The agreement was not renewed mostly because neither side in the current bi-polar bloc structure of null sec felt it was in their interest.  Pandemic Horde attacked, took space, and put allies into the are during the agreement, letting everybody know they could not be trusted, and the Imperium had no interest in protecting the space or being the enforcer, especially since PH seemed keen to provoke a war out of the situation so they could get their allies to assist.  So the agreement ended.

Did it do any good?  Maybe.  Some groups lived there in fairly relative peace.  Now, however, unless they are well out of the line of fire, they are likely going to have to pick sides or be ground down in the ongoing PH attacks on the Imperium down there.

  • A Successful EVE Online Kickstarter

The War for New Eden Kickstarter campaign ended earlier this week as well, with the project successfully funded, bringing up the success/failure ratio for EVE Online related campaigns a bit.

EVE Strategy Board Game

The campaign closed out with a number considerably over their initial goal.

The final totals for the campaign

If you are just hearing about this and feel like you have missed out, you can still put in a post-campaign pledge at the War for New Eden web site.  Some links for those interested:

Now, of course, the question is when are backers going to get this rather large board game with so many pieces and board segments?  The promise is by Christmas, but I will be surprised it that happens, even with 10 months to go.  We shall see.

And what were the other EVE Online Kickstarter campaigns?  There are a number of failed ones including the EVE Online Control Panel, a spiffy bit of hardware, and the badly mishandled Fountain War Book campaign.

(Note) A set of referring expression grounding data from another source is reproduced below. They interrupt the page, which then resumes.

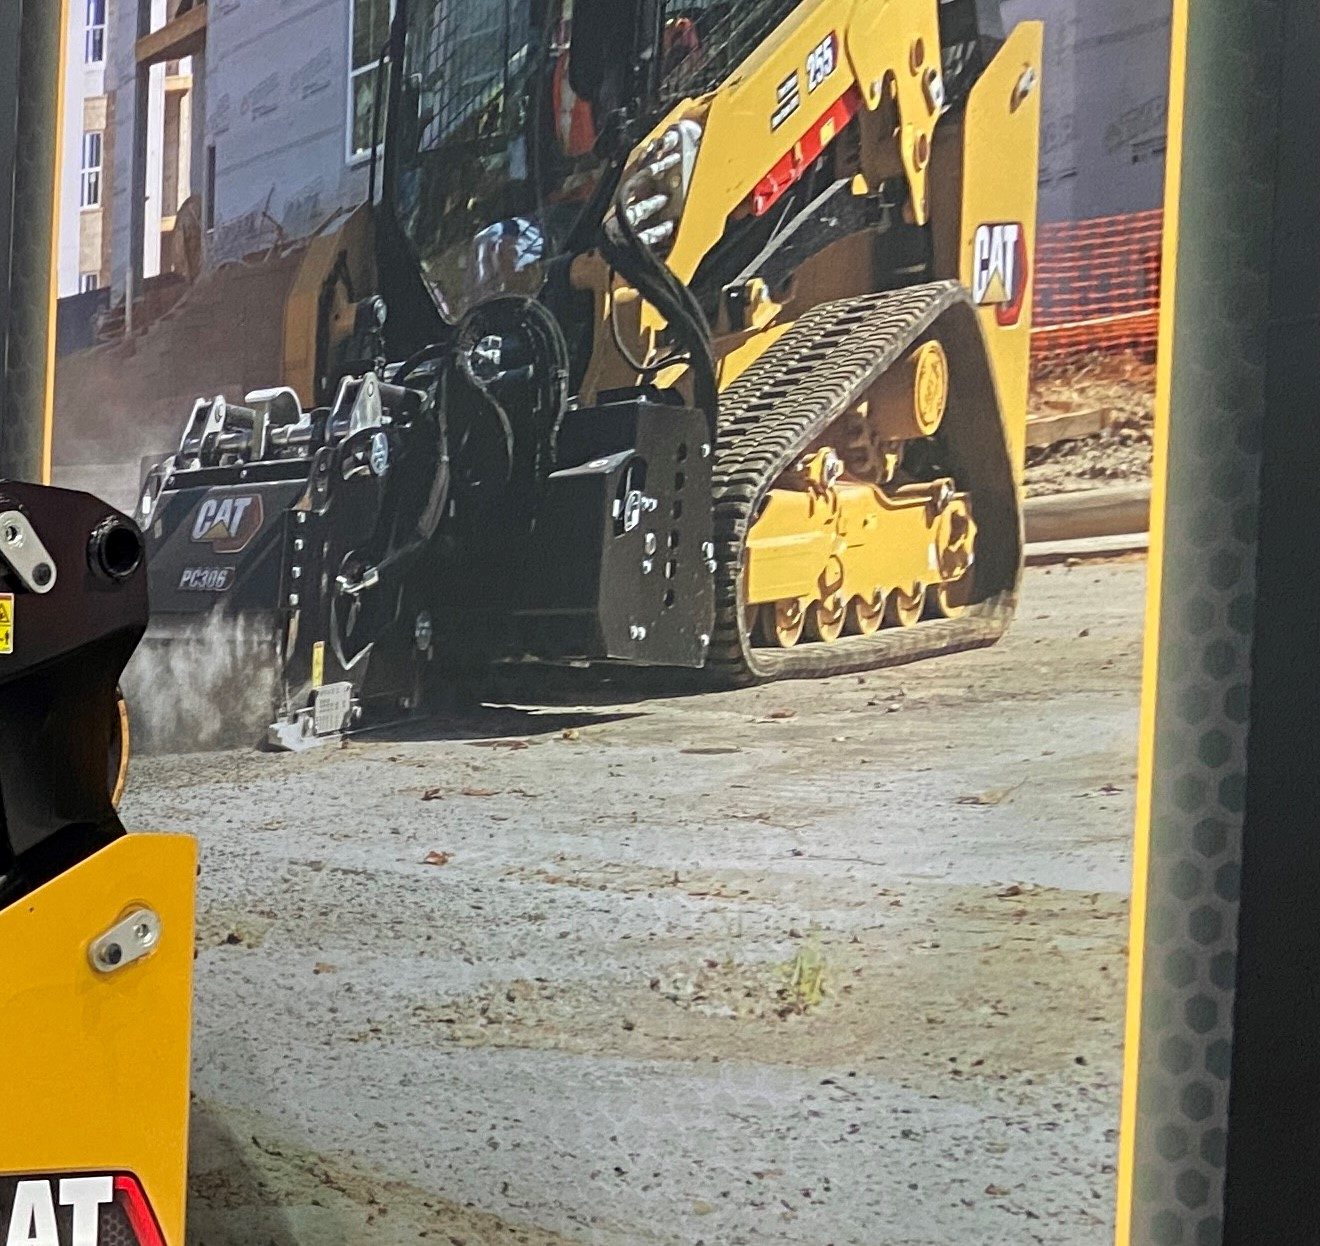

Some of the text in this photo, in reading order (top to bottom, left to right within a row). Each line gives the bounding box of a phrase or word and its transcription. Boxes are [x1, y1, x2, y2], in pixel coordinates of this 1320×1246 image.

[806, 35, 833, 92] 255
[972, 225, 1019, 304] CAT
[191, 497, 253, 539] CAT
[180, 569, 228, 589] PC306
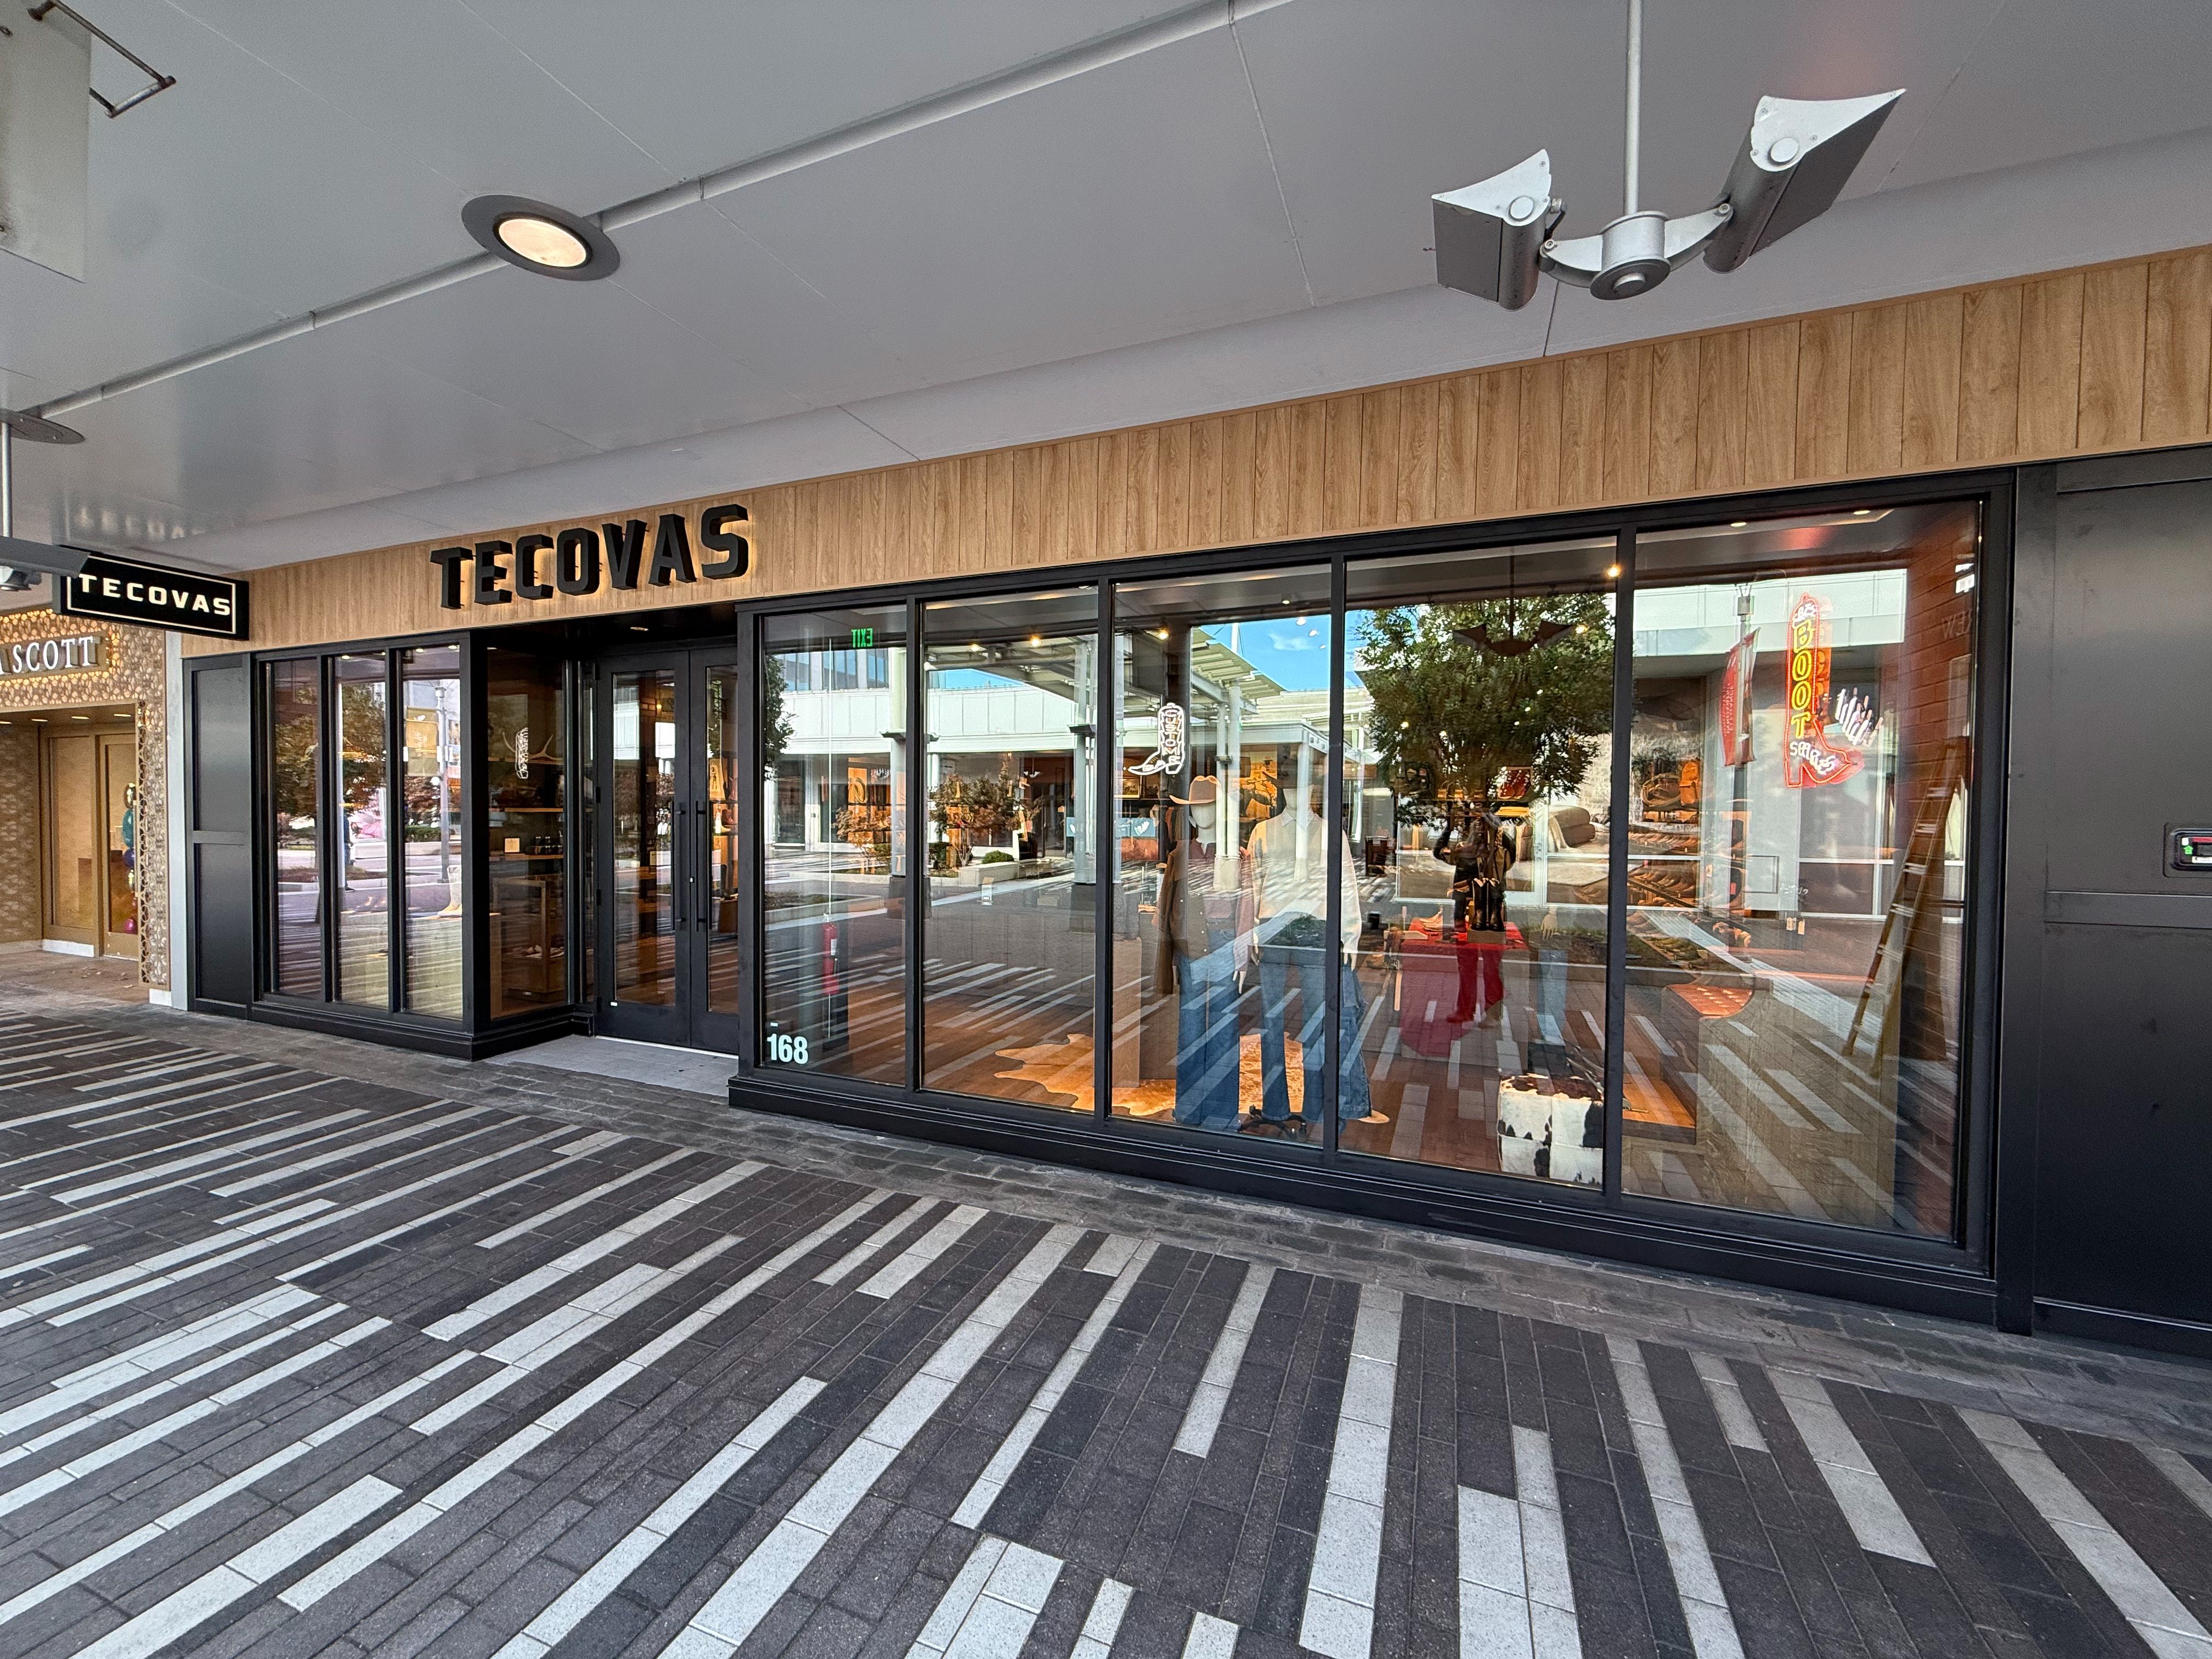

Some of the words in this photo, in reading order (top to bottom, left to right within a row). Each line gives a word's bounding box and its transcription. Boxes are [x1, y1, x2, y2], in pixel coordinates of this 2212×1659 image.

[430, 504, 749, 610] TECOVAS
[79, 574, 230, 616] TECOVAS
[13, 636, 93, 673] SCOTT
[1791, 619, 1814, 738] BOOT
[767, 1034, 808, 1064] 168

And the successes?  Andrew Groen’s Empires of EVE Vol. 1 and Vol. 2.

  • Havoc Patch Notes

CCP did a fairly big update that included the return of LP trading and a balance pass through a several ship classes.

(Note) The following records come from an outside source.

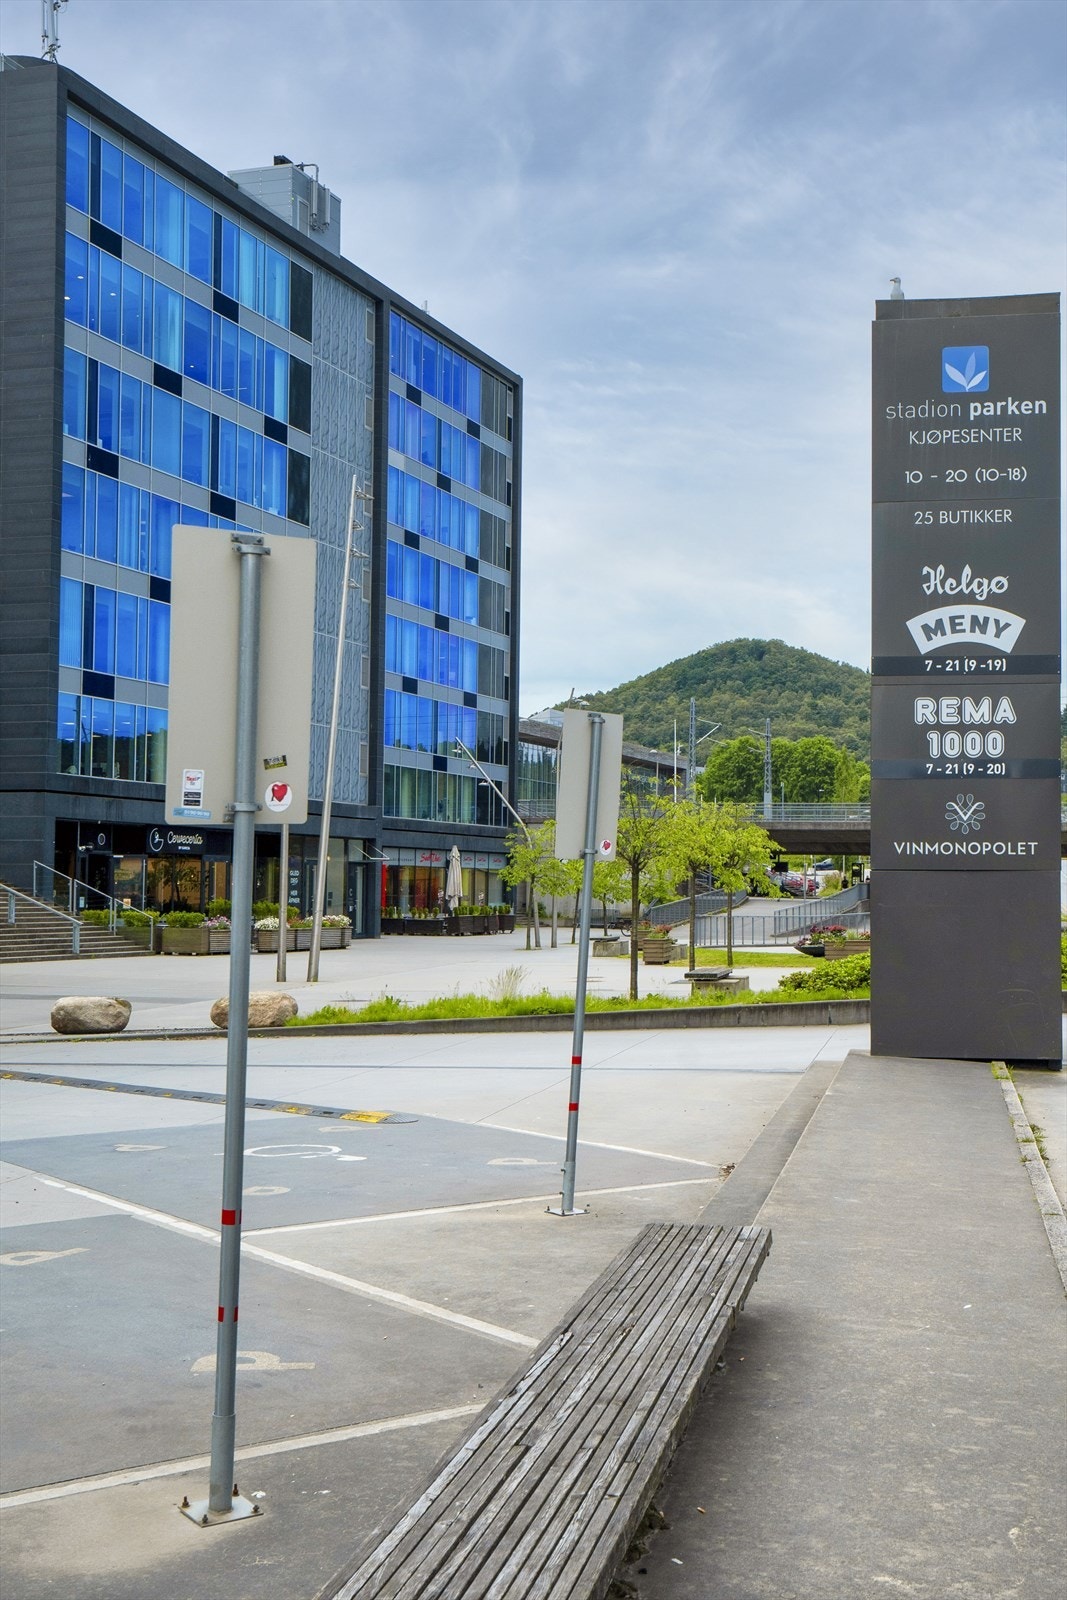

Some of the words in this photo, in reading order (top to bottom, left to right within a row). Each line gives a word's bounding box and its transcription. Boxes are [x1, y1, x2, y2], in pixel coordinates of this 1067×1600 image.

[886, 400, 961, 419] stadion
[969, 397, 1047, 420] parken
[909, 427, 1022, 445] KJØPESENTER
[905, 470, 923, 484] 10
[945, 470, 968, 483] 20
[975, 466, 1027, 483] (10-18)
[914, 511, 934, 525] 25
[939, 510, 1013, 524] BUTIKKER
[922, 563, 1009, 601] Helgø
[920, 614, 1012, 642] MENY
[924, 660, 933, 672] 7
[945, 659, 960, 672] 21
[915, 696, 1017, 725] REMA
[926, 730, 1005, 759] 1000
[925, 763, 934, 775] 7
[945, 763, 959, 775] 21
[893, 841, 1039, 855] VINMONOPOLET

Honestly, this felt like something that would have been a dev blog in the old days, but they just stuck it in the February patch notes and rolled on.

There are changes to command ships, marauders, entropic disintigrators, and rapid light missile launchers at the top of the list, along with a host of smaller items.  You will, for example, now be able to pre-heat modules while still cloaked and invulnerable after a gate jump, so you’ll be ready to rock when you break invuln and decloak.

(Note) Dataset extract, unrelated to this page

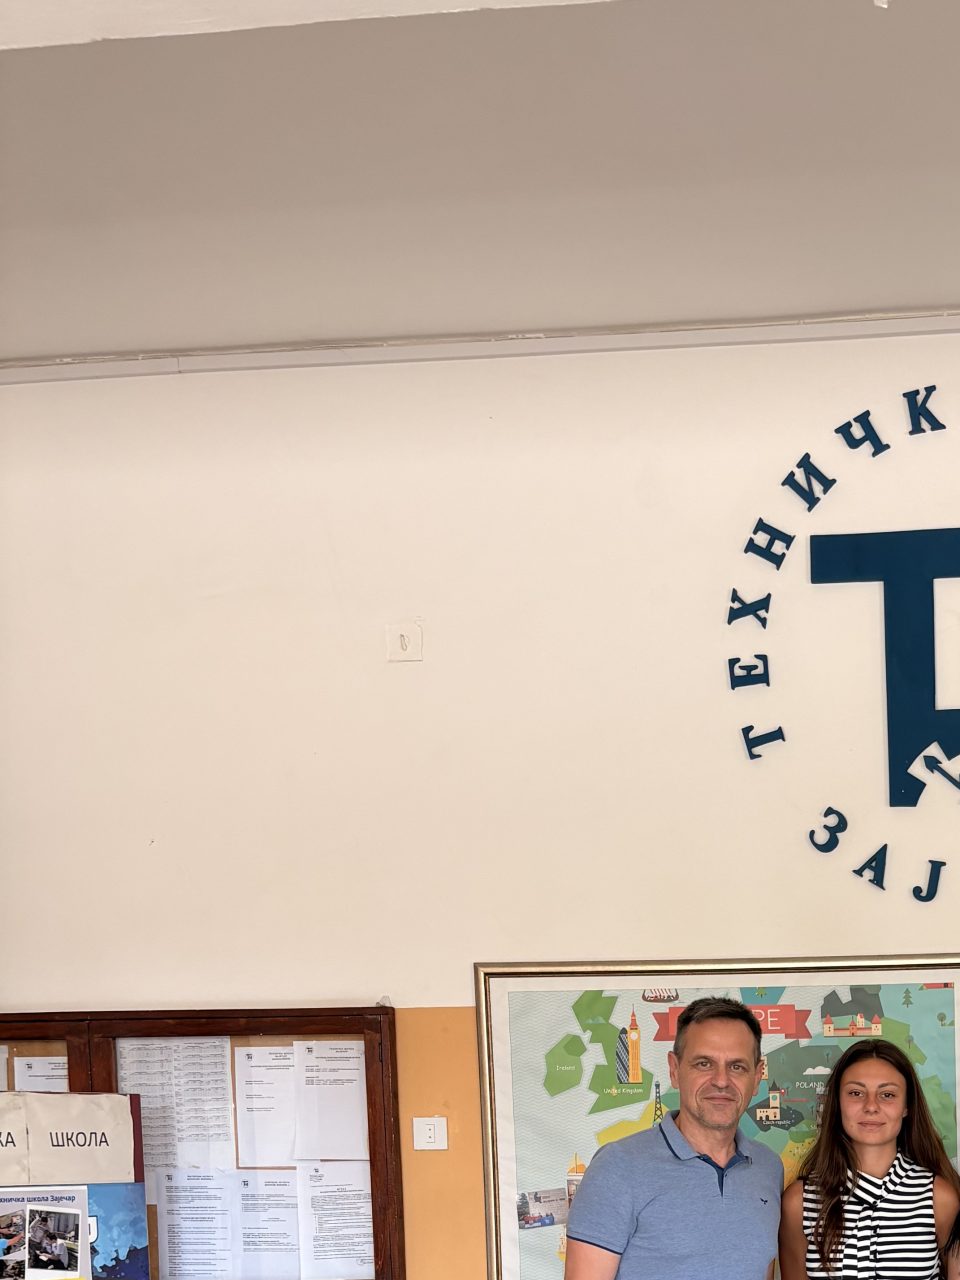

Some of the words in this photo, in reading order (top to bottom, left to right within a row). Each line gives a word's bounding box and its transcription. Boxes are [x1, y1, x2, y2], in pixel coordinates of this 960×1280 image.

[795, 1081, 825, 1089] POLAND
[48, 1131, 110, 1148] ШКОЛА
[26, 1195, 49, 1203] школа
[49, 1194, 76, 1204] Зајечар

You can find all the updates in the patch notes for February 20th here.

There is also a write up over at TNG about it.

  • CSM 18 Winter Summit

I haven’t thought about the CSM since the last election, but they are still at work and went to Iceland for the winter summit.  CCP Swift posted the summit agenda back at the end of January, and we have been getting some updates and peeks into what happened over on Reddit, including the following posts:

Since the EVE Online news ecosystem has pretty much collapsed I am not sure how much else we’ll hear about the summit.  CCP has run hot and cold on minutes of the meetings over the years, so maybe we’ll get something, or maybe we won’t.

Anyway, it is Friday, the weekend is at hand, and it is going to be warm and sunny here in Silicon Valley, all the better to dry us out after the most recent atmospheric river pass.